MATERIAL TO PROCESS -
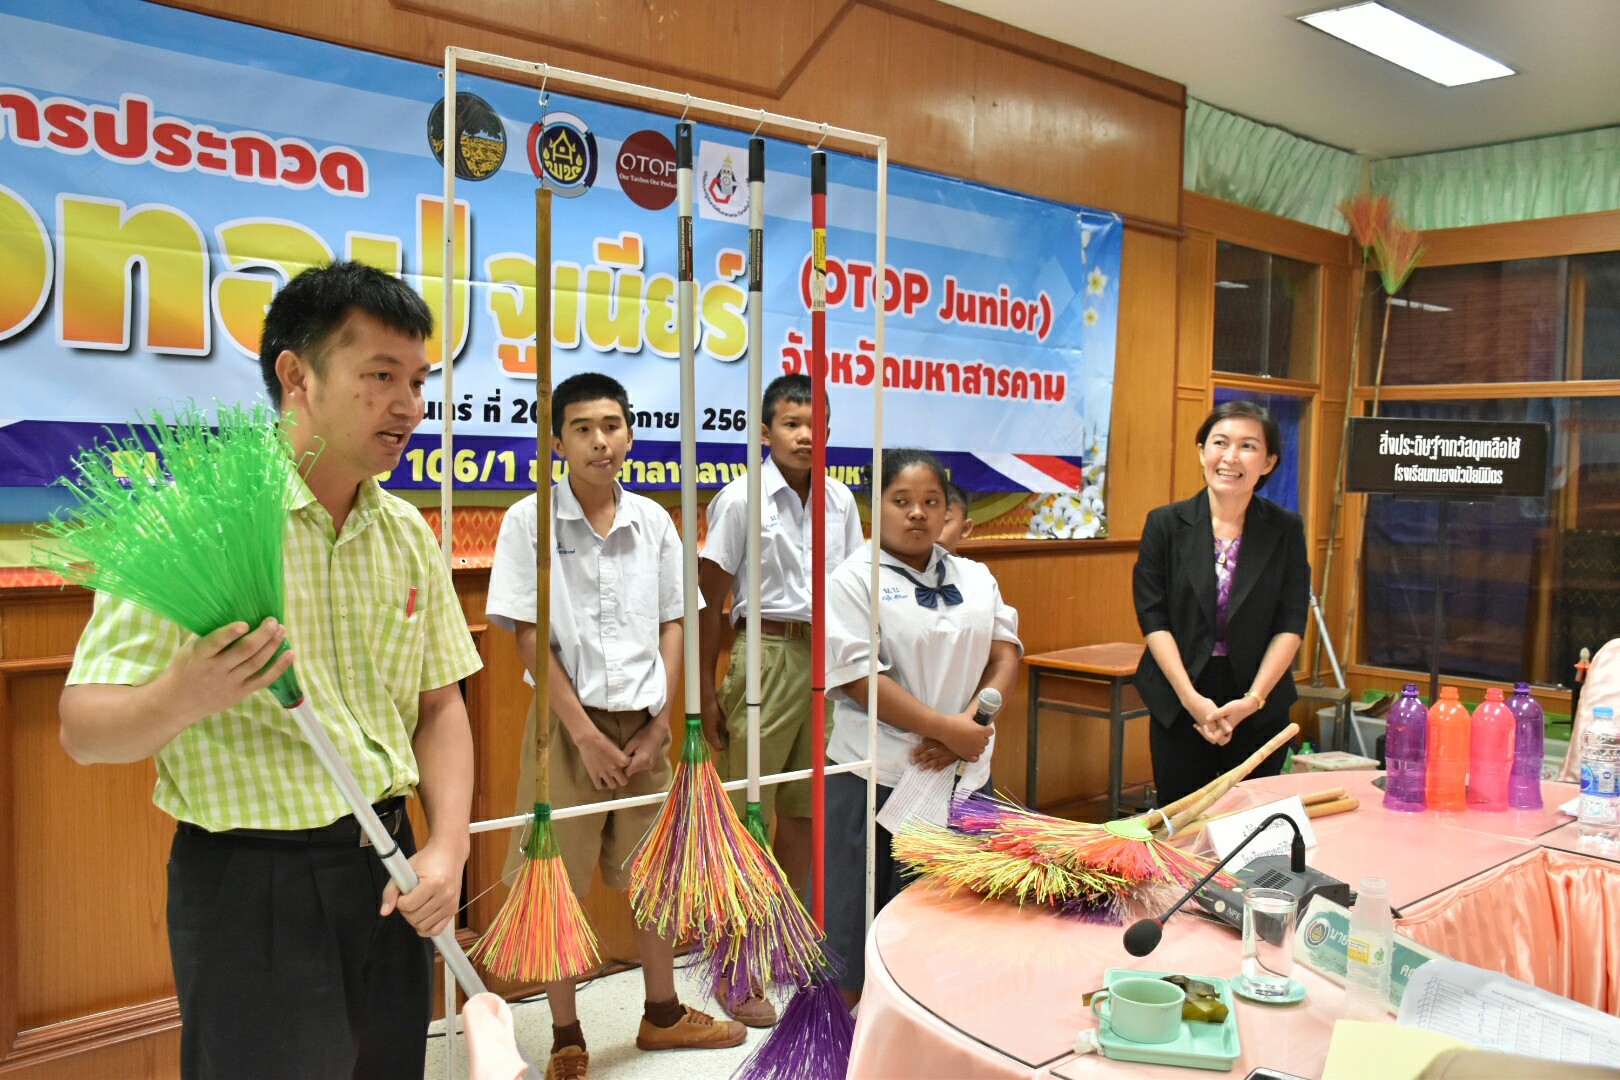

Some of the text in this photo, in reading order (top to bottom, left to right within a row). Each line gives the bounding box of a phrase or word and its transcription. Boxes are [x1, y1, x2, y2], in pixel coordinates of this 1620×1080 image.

[620, 152, 677, 177] OTOP
[801, 255, 928, 315] (OTOP
[940, 279, 1051, 340] Junior)
[405, 448, 516, 483] 106/1
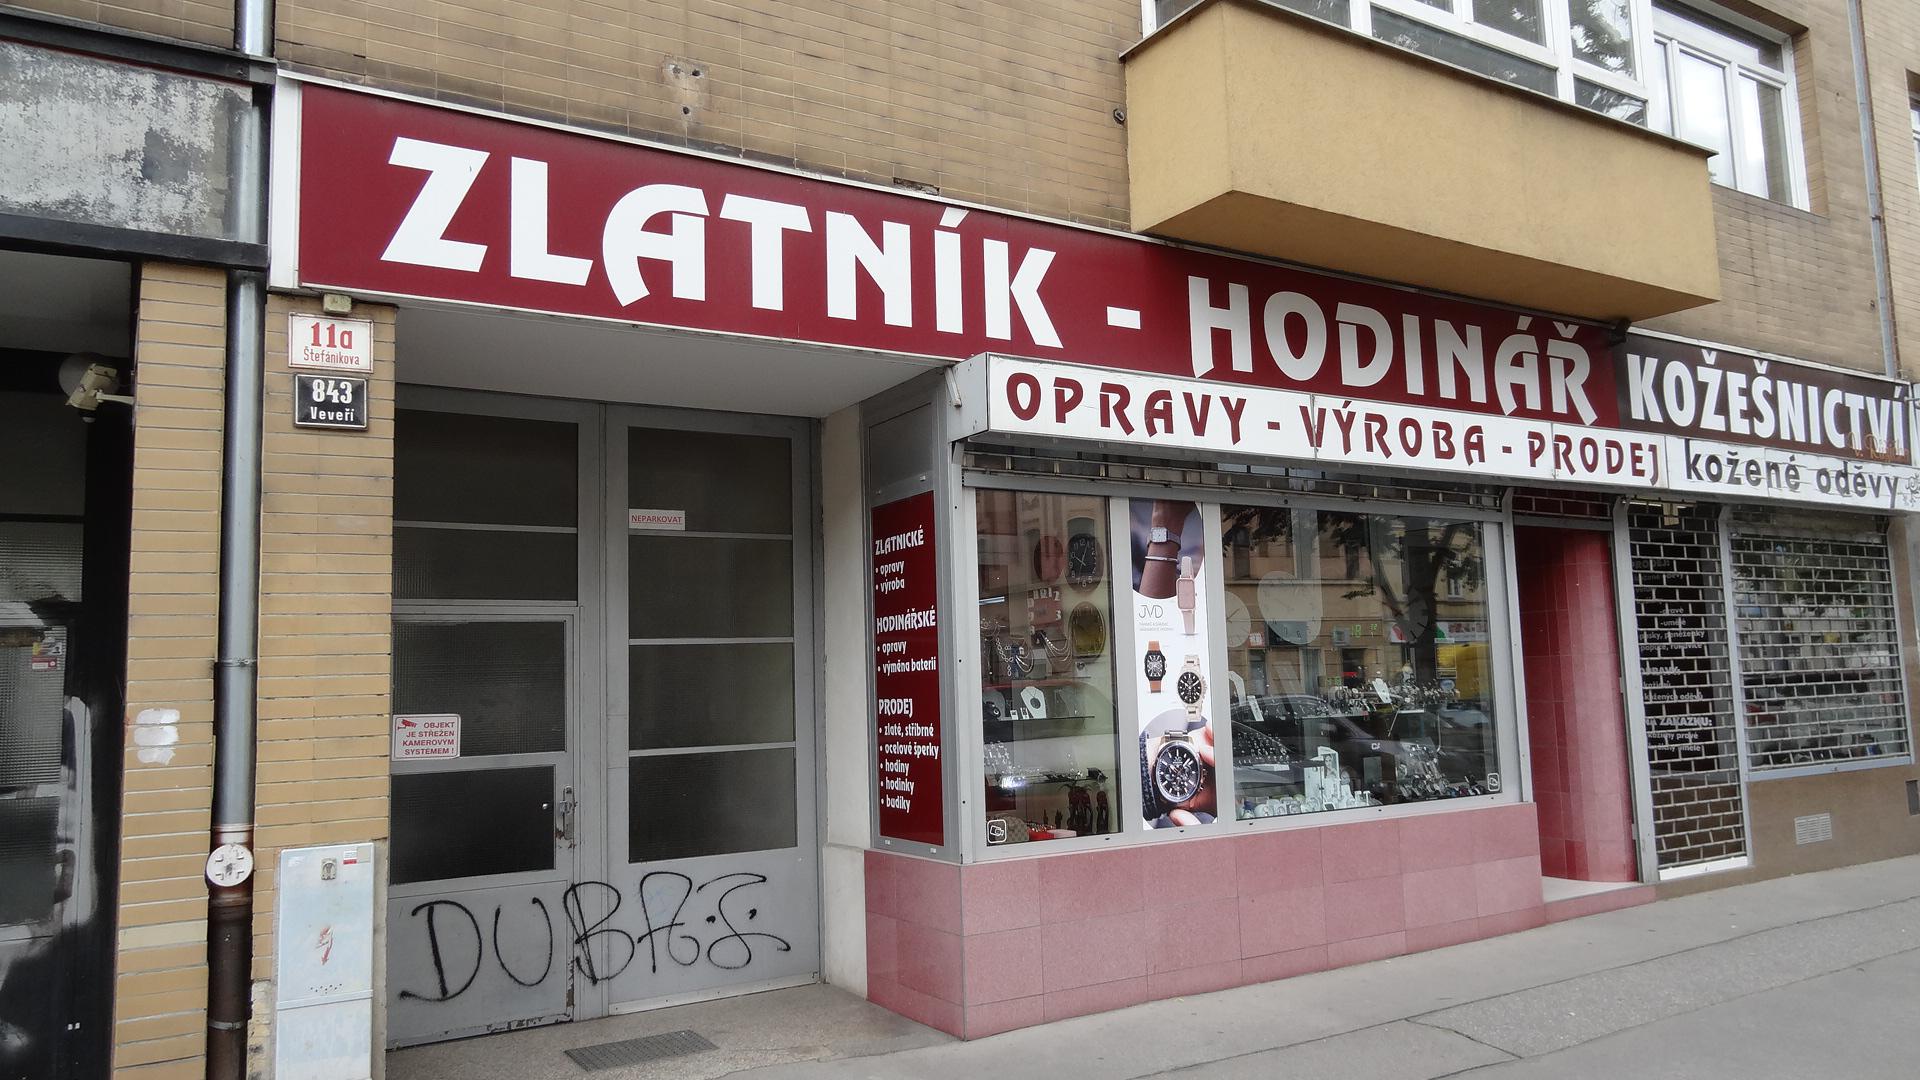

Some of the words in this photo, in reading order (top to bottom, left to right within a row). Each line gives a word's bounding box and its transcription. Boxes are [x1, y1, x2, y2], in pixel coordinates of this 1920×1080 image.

[380, 137, 1063, 349] ZLATNÍK
[1106, 306, 1141, 329] -
[1188, 275, 1599, 426] HODINÁŘ
[311, 322, 353, 350] 11a
[303, 346, 360, 366] Štefánikova
[312, 379, 353, 404] 843
[1626, 349, 1907, 457] KOŽEŠNICTVÍ
[310, 407, 354, 422] Veveří
[1006, 372, 1246, 446] OPRAVY
[1299, 401, 1486, 467] VÝROBA
[1528, 431, 1659, 487] PRODEJ
[1685, 439, 1801, 491] kožené
[1816, 460, 1898, 509] oděvy
[631, 514, 683, 523] NEPARKOVAT
[875, 525, 924, 556] ZLATNICKÉ
[880, 560, 905, 576] opravy
[880, 578, 905, 594] výroba
[876, 605, 936, 634] HODINÁŘSKÉ
[1138, 604, 1164, 619] JVD
[882, 640, 907, 656] opravy
[882, 659, 910, 677] výměna
[911, 656, 937, 671] baterií
[878, 698, 914, 718] PRODEJ
[884, 723, 904, 738] zlaté,
[905, 722, 934, 737] stříbrné
[884, 742, 913, 756] ocelové
[914, 742, 940, 760] šperky
[885, 759, 910, 776] hodiny
[886, 776, 915, 795] hodinky
[886, 797, 911, 814] budíky
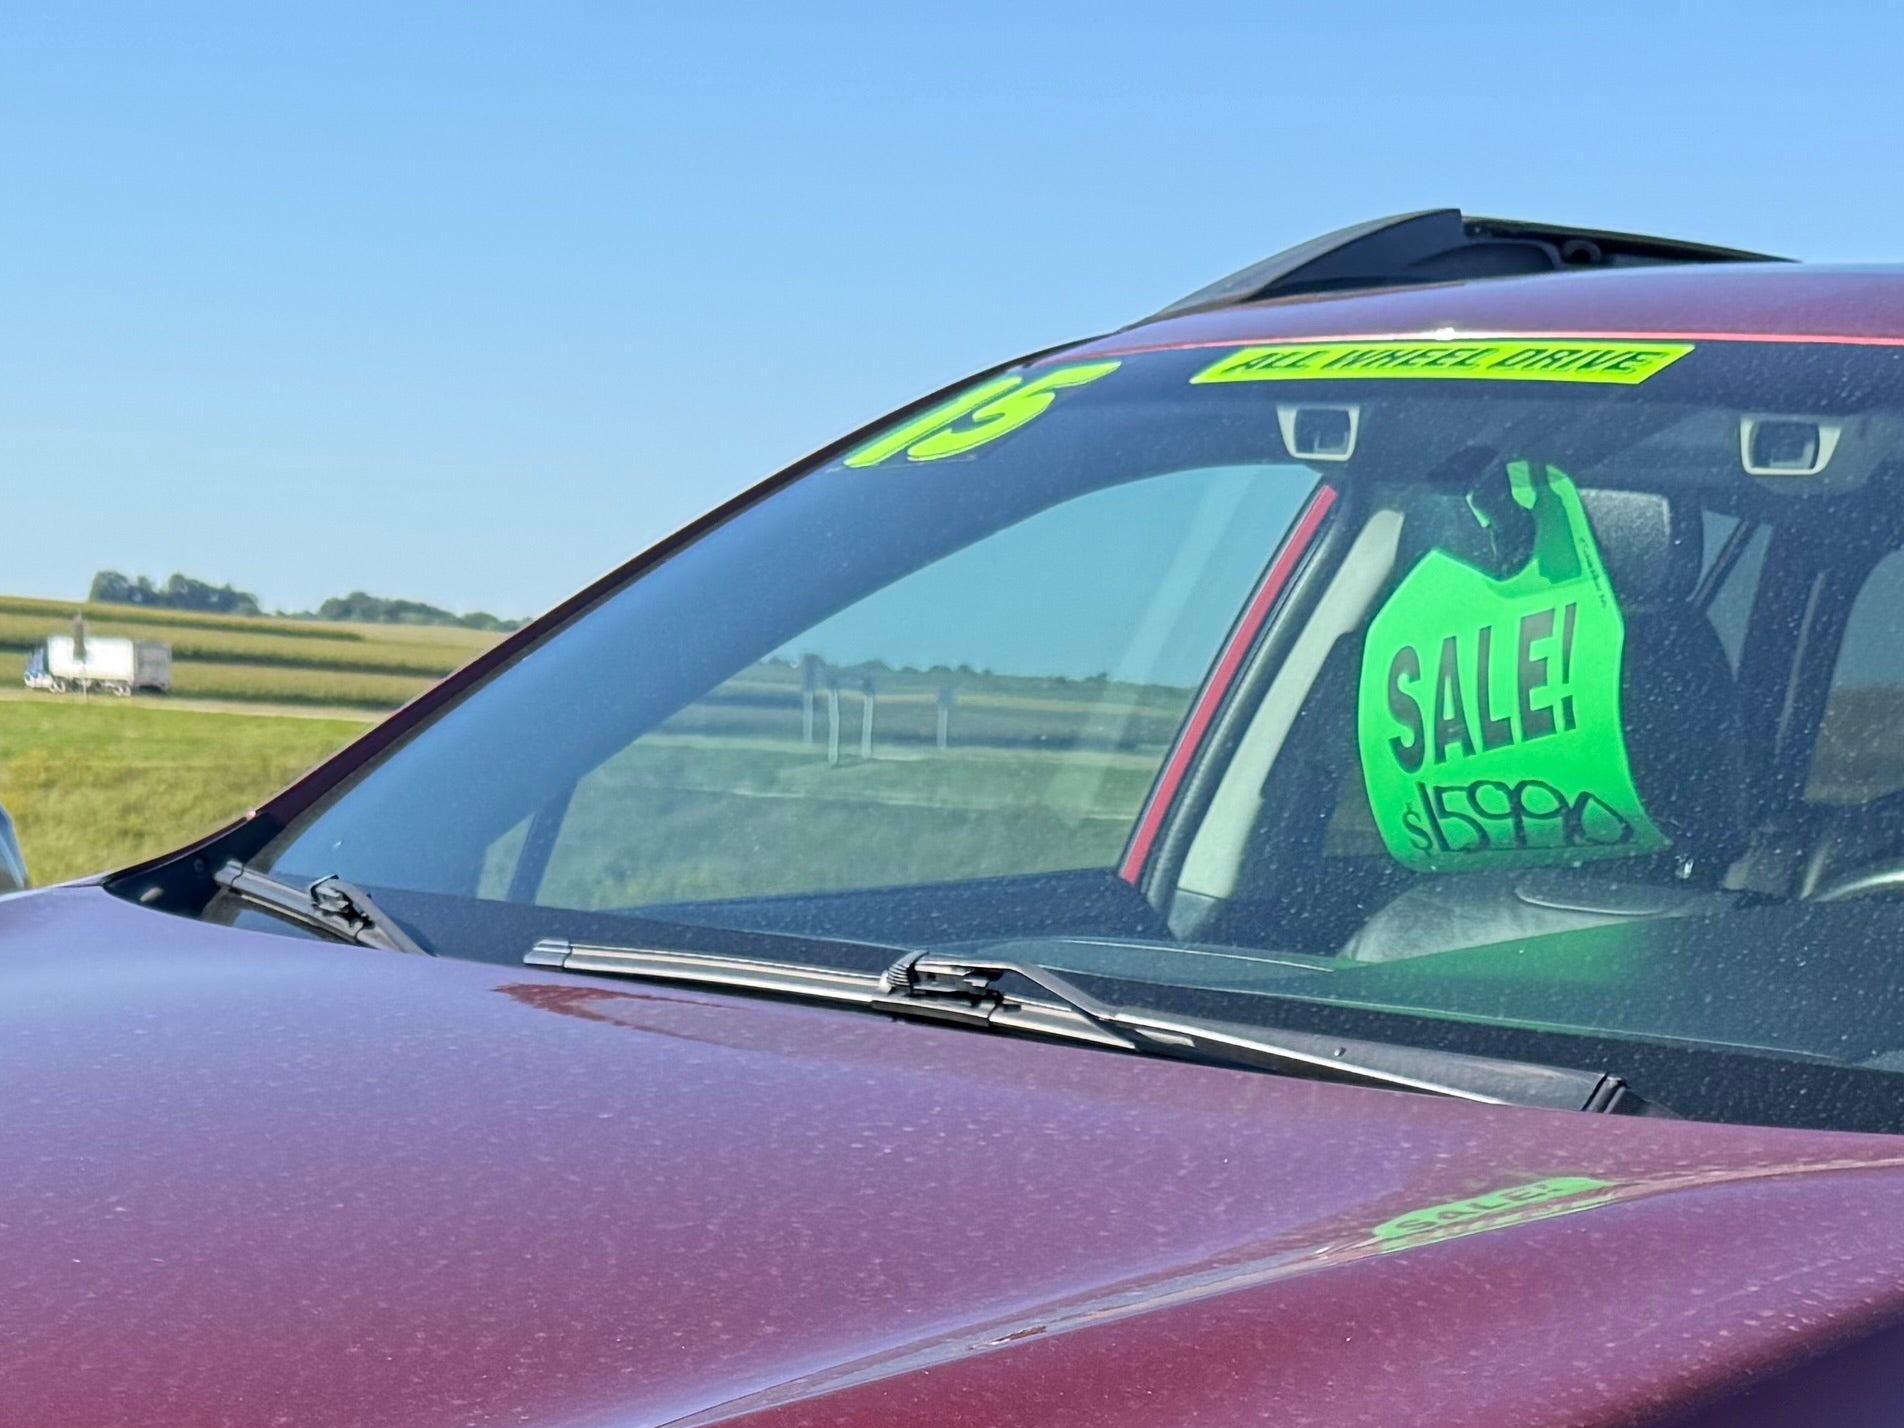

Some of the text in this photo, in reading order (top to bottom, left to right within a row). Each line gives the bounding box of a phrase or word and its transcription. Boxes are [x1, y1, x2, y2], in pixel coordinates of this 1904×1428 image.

[844, 360, 1122, 468] 15
[1221, 348, 1670, 375] ALL WHEEL DRIVE
[1388, 602, 1577, 774] SALE!

WHAT IS BEING ASKED -
Please set down every record above exactly as it appears, leaving out the pictures.

SOLUTION FOR THIS PROBLEM -
Some of the text in this photo, in reading order (top to bottom, left to right within a row). Each line gives the bounding box of a phrase or word and its transcription. Boxes are [x1, y1, x2, y2], in pixel coordinates of this 1620×1080 image.

[620, 152, 677, 177] OTOP
[801, 255, 928, 315] (OTOP
[940, 279, 1051, 340] Junior)
[405, 448, 516, 483] 106/1

Some of the words in this photo, in reading order (top to bottom, left to right within a row). Each line gives a word's bounding box and its transcription. Boxes are [x1, y1, x2, y2], in pixel coordinates of this 1920×1080 image.

[380, 137, 1063, 349] ZLATNÍK
[1106, 306, 1141, 329] -
[1188, 275, 1599, 426] HODINÁŘ
[311, 322, 353, 350] 11a
[303, 346, 360, 366] Štefánikova
[312, 379, 353, 404] 843
[1626, 349, 1907, 457] KOŽEŠNICTVÍ
[310, 407, 354, 422] Veveří
[1006, 372, 1246, 446] OPRAVY
[1299, 401, 1486, 467] VÝROBA
[1528, 431, 1659, 487] PRODEJ
[1685, 439, 1801, 491] kožené
[1816, 460, 1898, 509] oděvy
[631, 514, 683, 523] NEPARKOVAT
[875, 525, 924, 556] ZLATNICKÉ
[880, 560, 905, 576] opravy
[880, 578, 905, 594] výroba
[876, 605, 936, 634] HODINÁŘSKÉ
[1138, 604, 1164, 619] JVD
[882, 640, 907, 656] opravy
[882, 659, 910, 677] výměna
[911, 656, 937, 671] baterií
[878, 698, 914, 718] PRODEJ
[884, 723, 904, 738] zlaté,
[905, 722, 934, 737] stříbrné
[884, 742, 913, 756] ocelové
[914, 742, 940, 760] šperky
[885, 759, 910, 776] hodiny
[886, 776, 915, 795] hodinky
[886, 797, 911, 814] budíky

Some of the text in this photo, in reading order (top to bottom, left to right within a row). Each line gives the bounding box of a phrase or word and its transcription. Boxes are [x1, y1, x2, y2], in pixel coordinates of this 1904×1428 image.

[844, 360, 1122, 468] 15
[1221, 348, 1670, 375] ALL WHEEL DRIVE
[1388, 602, 1577, 774] SALE!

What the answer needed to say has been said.